--- Entries supplied Enclosed Below ---

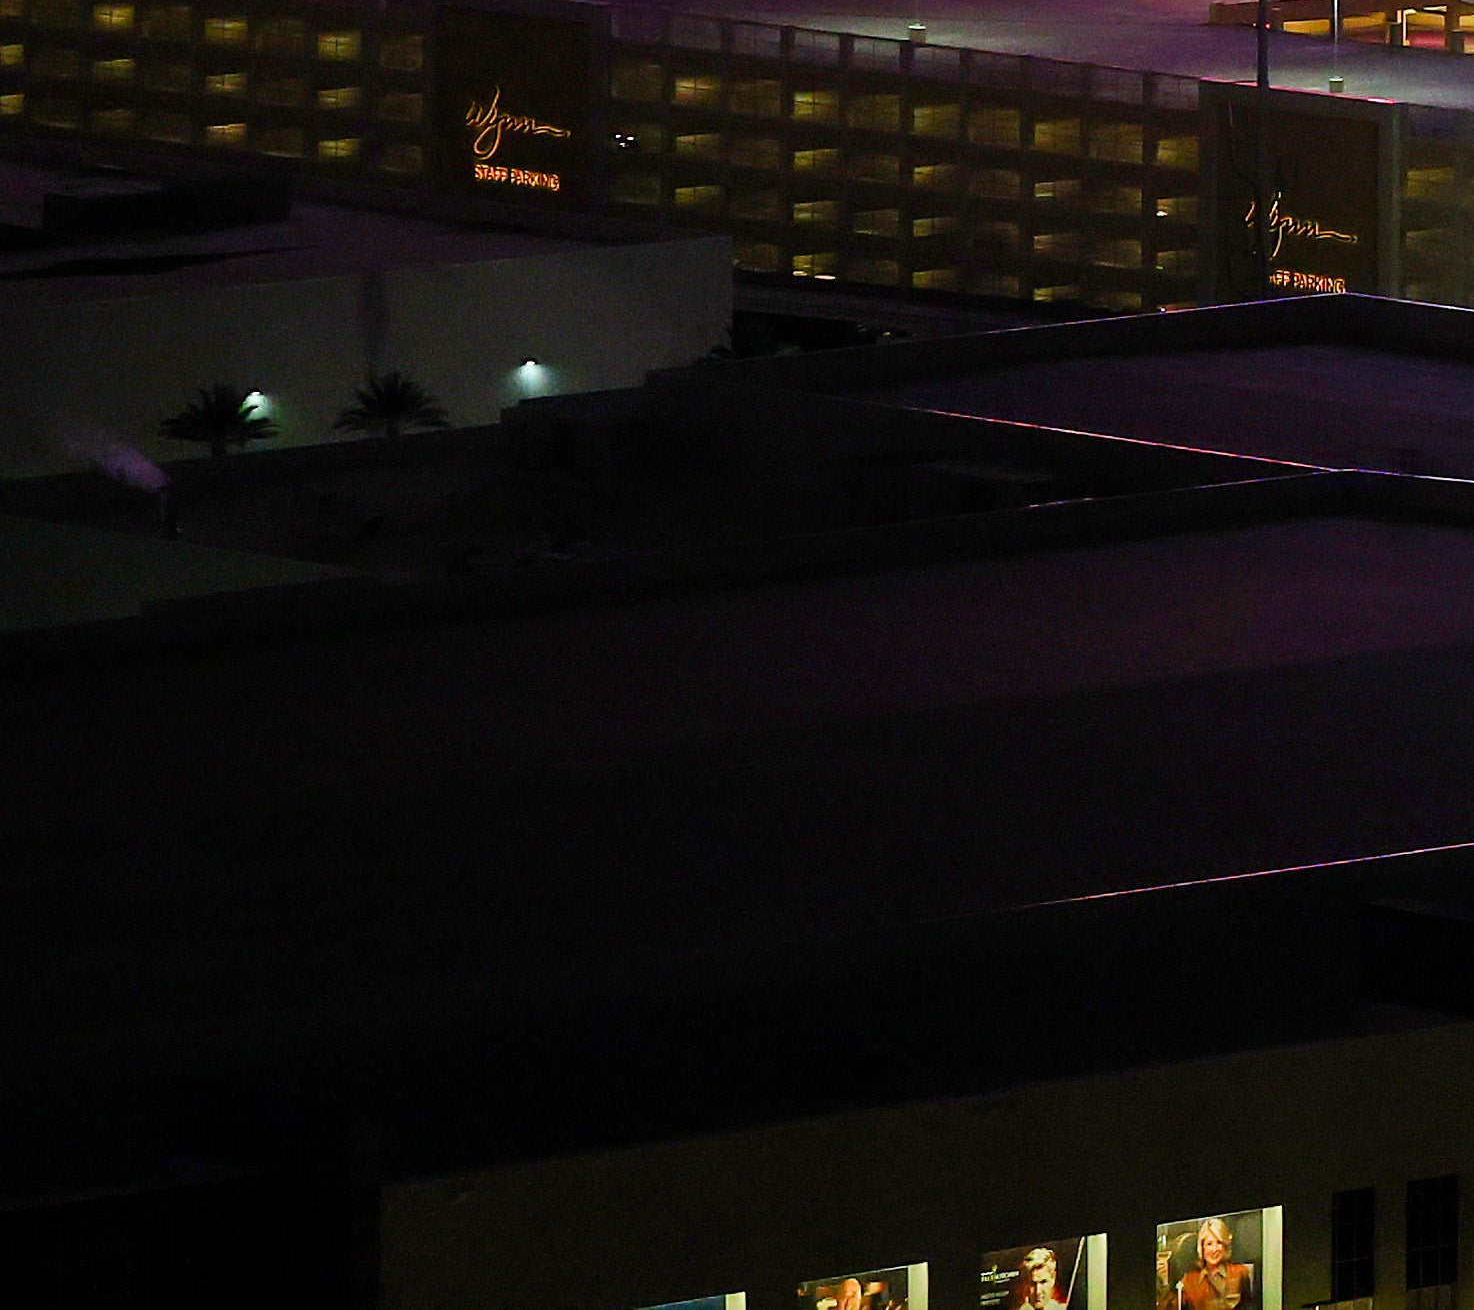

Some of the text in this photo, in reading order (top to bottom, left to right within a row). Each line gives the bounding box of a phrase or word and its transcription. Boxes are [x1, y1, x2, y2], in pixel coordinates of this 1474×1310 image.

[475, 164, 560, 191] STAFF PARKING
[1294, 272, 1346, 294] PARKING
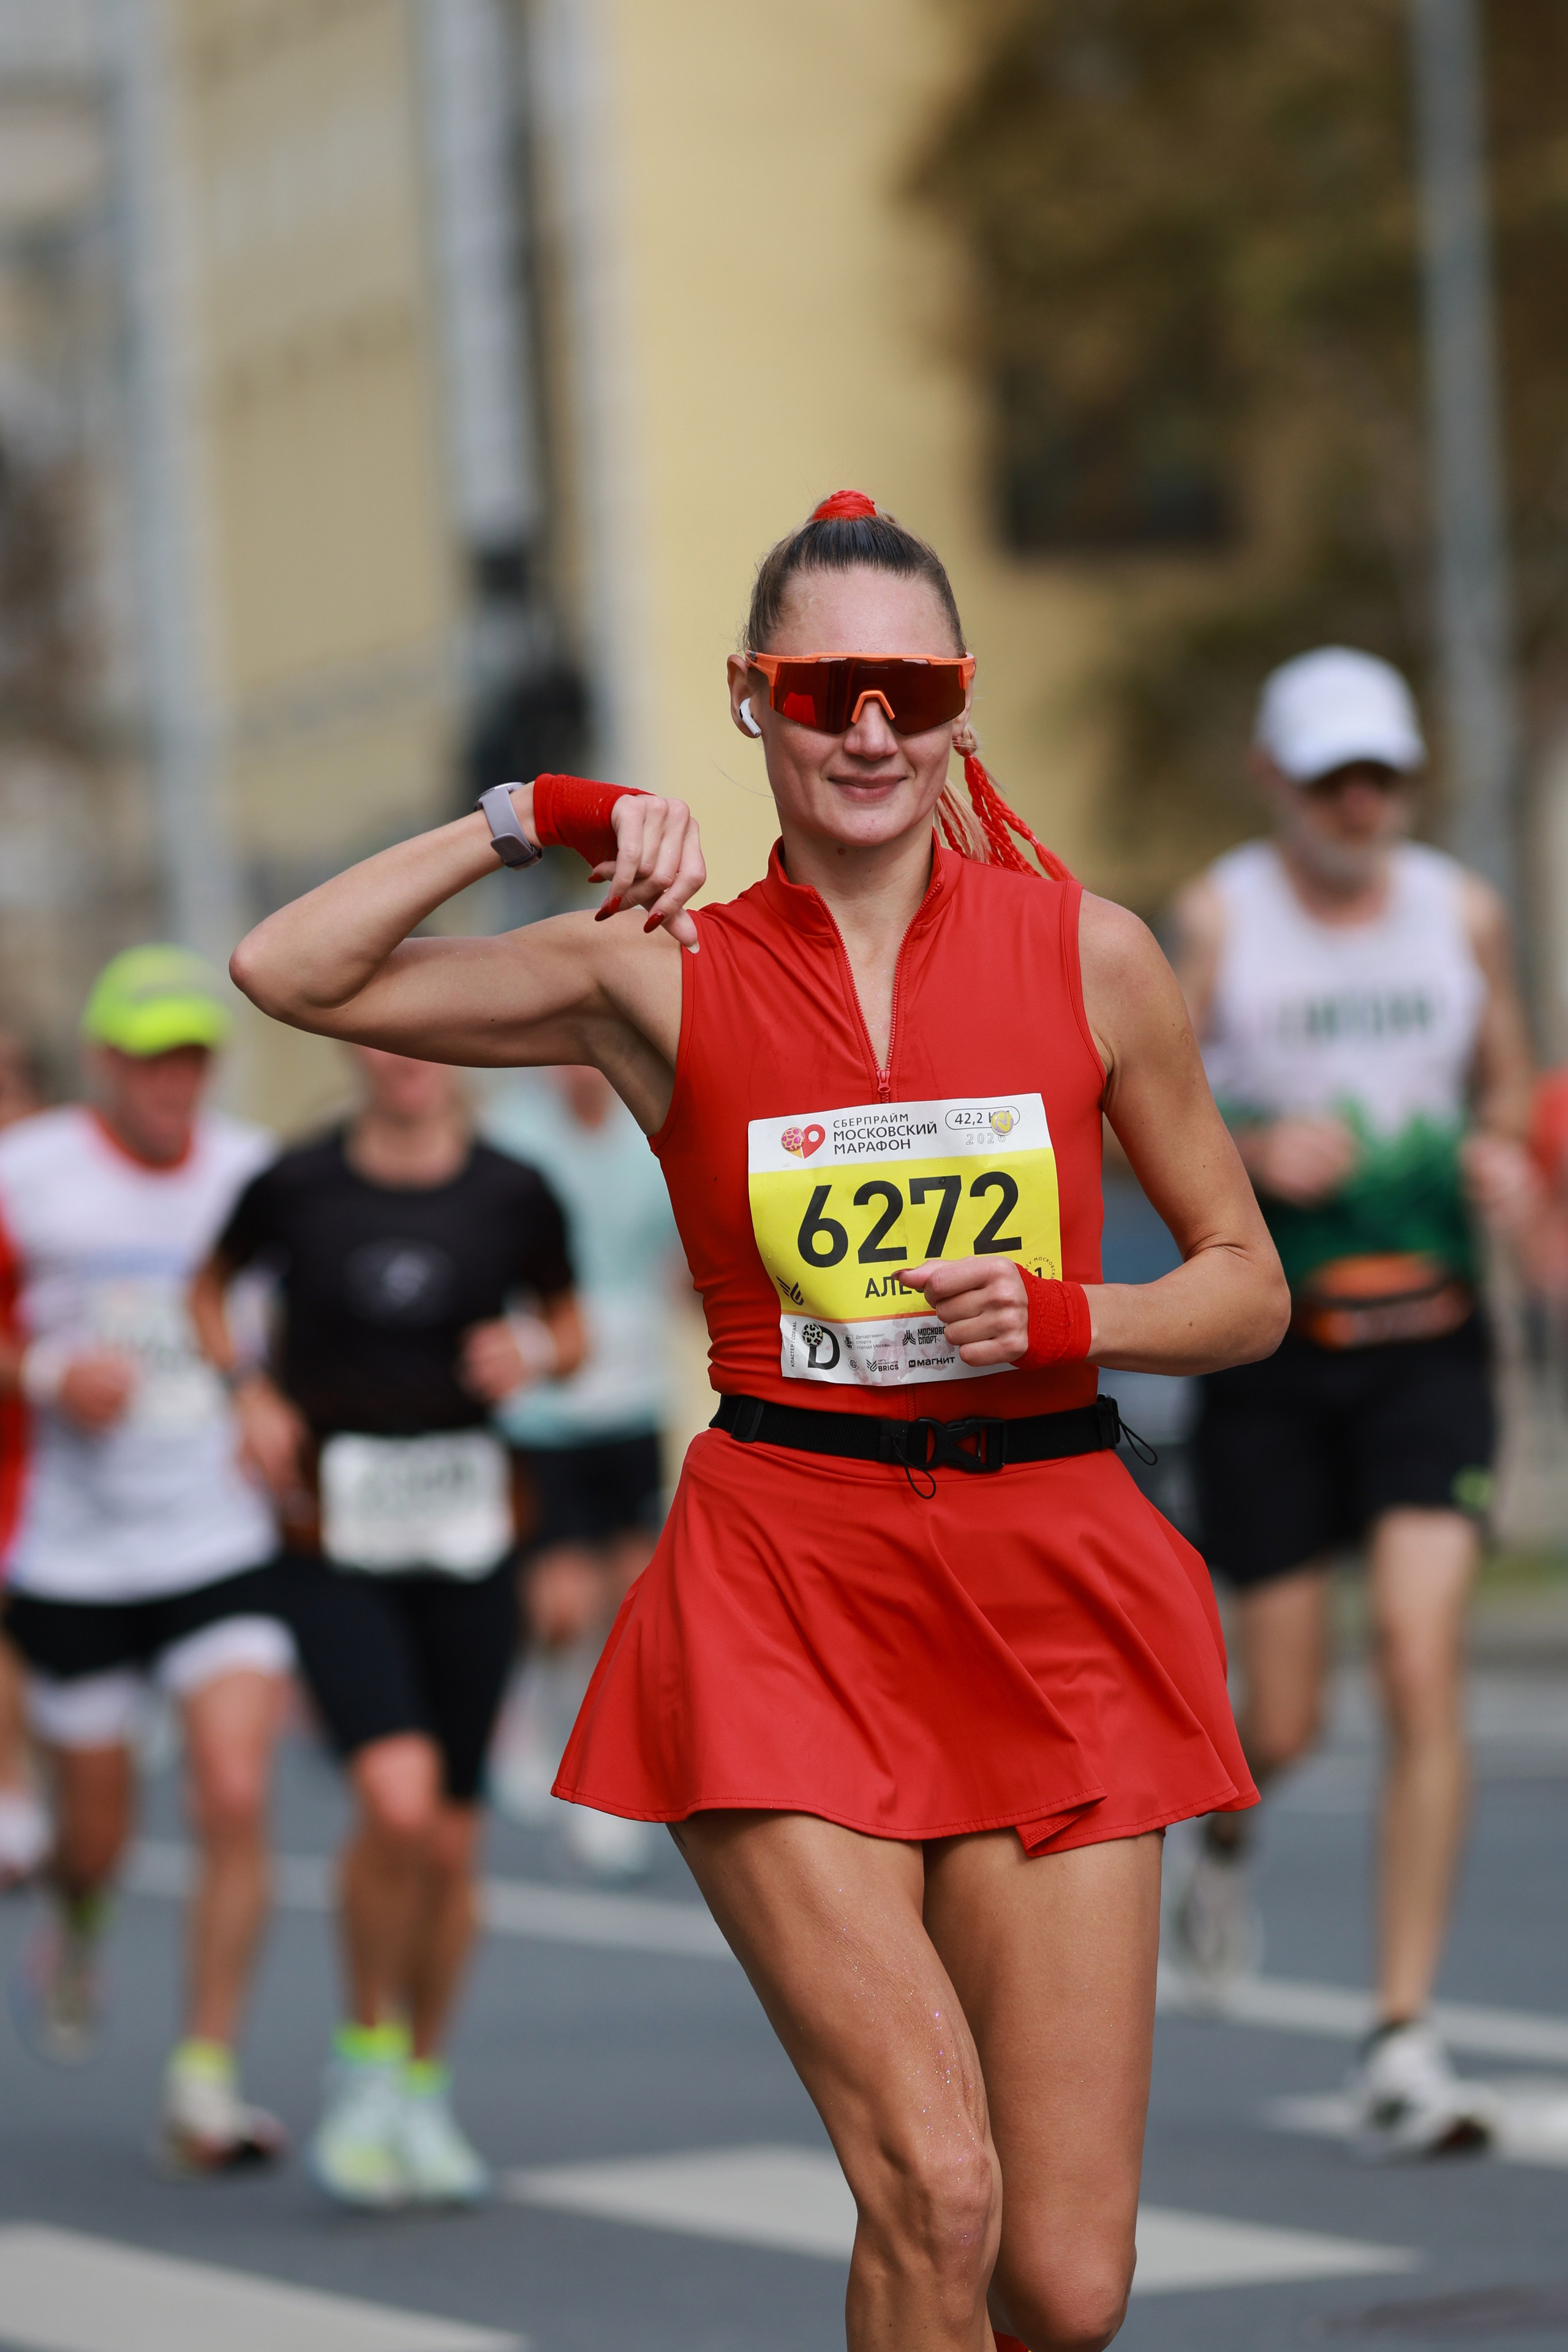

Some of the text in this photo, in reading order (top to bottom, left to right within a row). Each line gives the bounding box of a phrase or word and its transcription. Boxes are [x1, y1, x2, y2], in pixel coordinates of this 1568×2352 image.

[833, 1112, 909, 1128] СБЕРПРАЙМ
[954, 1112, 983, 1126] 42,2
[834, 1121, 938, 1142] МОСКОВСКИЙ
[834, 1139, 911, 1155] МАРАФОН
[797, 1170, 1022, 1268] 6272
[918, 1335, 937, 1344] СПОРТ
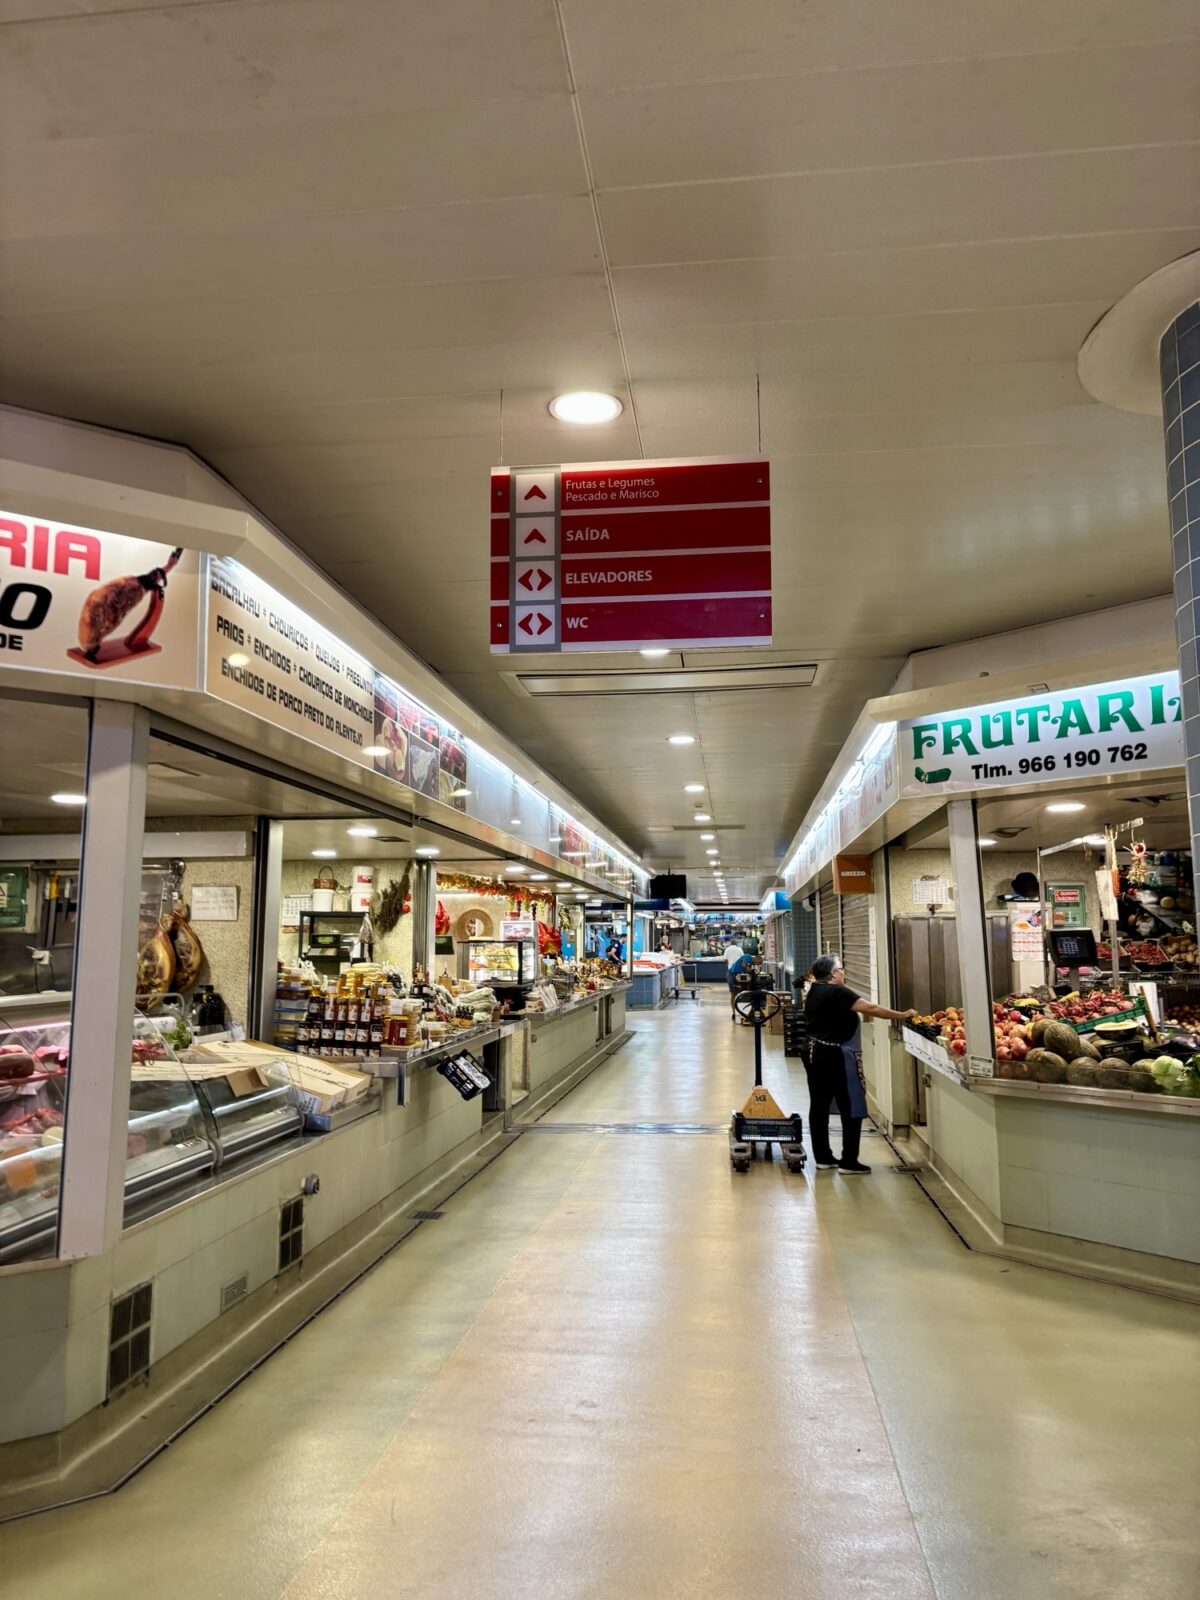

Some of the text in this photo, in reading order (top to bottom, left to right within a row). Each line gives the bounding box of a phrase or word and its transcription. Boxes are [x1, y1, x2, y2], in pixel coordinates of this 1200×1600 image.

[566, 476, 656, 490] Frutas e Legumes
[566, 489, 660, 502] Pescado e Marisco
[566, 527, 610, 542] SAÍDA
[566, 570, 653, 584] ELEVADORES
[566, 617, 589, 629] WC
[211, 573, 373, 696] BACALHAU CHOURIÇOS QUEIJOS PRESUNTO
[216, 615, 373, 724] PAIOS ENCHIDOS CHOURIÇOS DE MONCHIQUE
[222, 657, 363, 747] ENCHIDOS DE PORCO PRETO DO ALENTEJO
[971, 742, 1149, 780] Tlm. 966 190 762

--- End of Enclosed Entries supplied ---

> _Problem to work on_
Copy each of the entries above precisely, and drop whatever pictures they hold.

> _Finished task_
Some of the text in this photo, in reading order (top to bottom, left to right within a row). Each line gives the bounding box of a phrase or word and its transcription. Boxes are [x1, y1, x2, y2], in pixel coordinates of this 1474×1310 image.

[475, 164, 560, 191] STAFF PARKING
[1294, 272, 1346, 294] PARKING

Some of the text in this photo, in reading order (top to bottom, left to right within a row). Each line gives the bounding box of a phrase or word and its transcription. Boxes are [x1, y1, x2, y2], in pixel coordinates of this 1568×2352 image.

[833, 1112, 909, 1128] СБЕРПРАЙМ
[954, 1112, 983, 1126] 42,2
[834, 1121, 938, 1142] МОСКОВСКИЙ
[834, 1139, 911, 1155] МАРАФОН
[797, 1170, 1022, 1268] 6272
[918, 1335, 937, 1344] СПОРТ

Some of the text in this photo, in reading order (top to bottom, left to right within a row). Each line gives the bounding box of a phrase or word and its transcription. Boxes are [x1, y1, x2, y2], in pixel coordinates of this 1200×1600 image.

[566, 476, 656, 490] Frutas e Legumes
[566, 489, 660, 502] Pescado e Marisco
[566, 527, 610, 542] SAÍDA
[566, 570, 653, 584] ELEVADORES
[566, 617, 589, 629] WC
[211, 573, 373, 696] BACALHAU CHOURIÇOS QUEIJOS PRESUNTO
[216, 615, 373, 724] PAIOS ENCHIDOS CHOURIÇOS DE MONCHIQUE
[222, 657, 363, 747] ENCHIDOS DE PORCO PRETO DO ALENTEJO
[971, 742, 1149, 780] Tlm. 966 190 762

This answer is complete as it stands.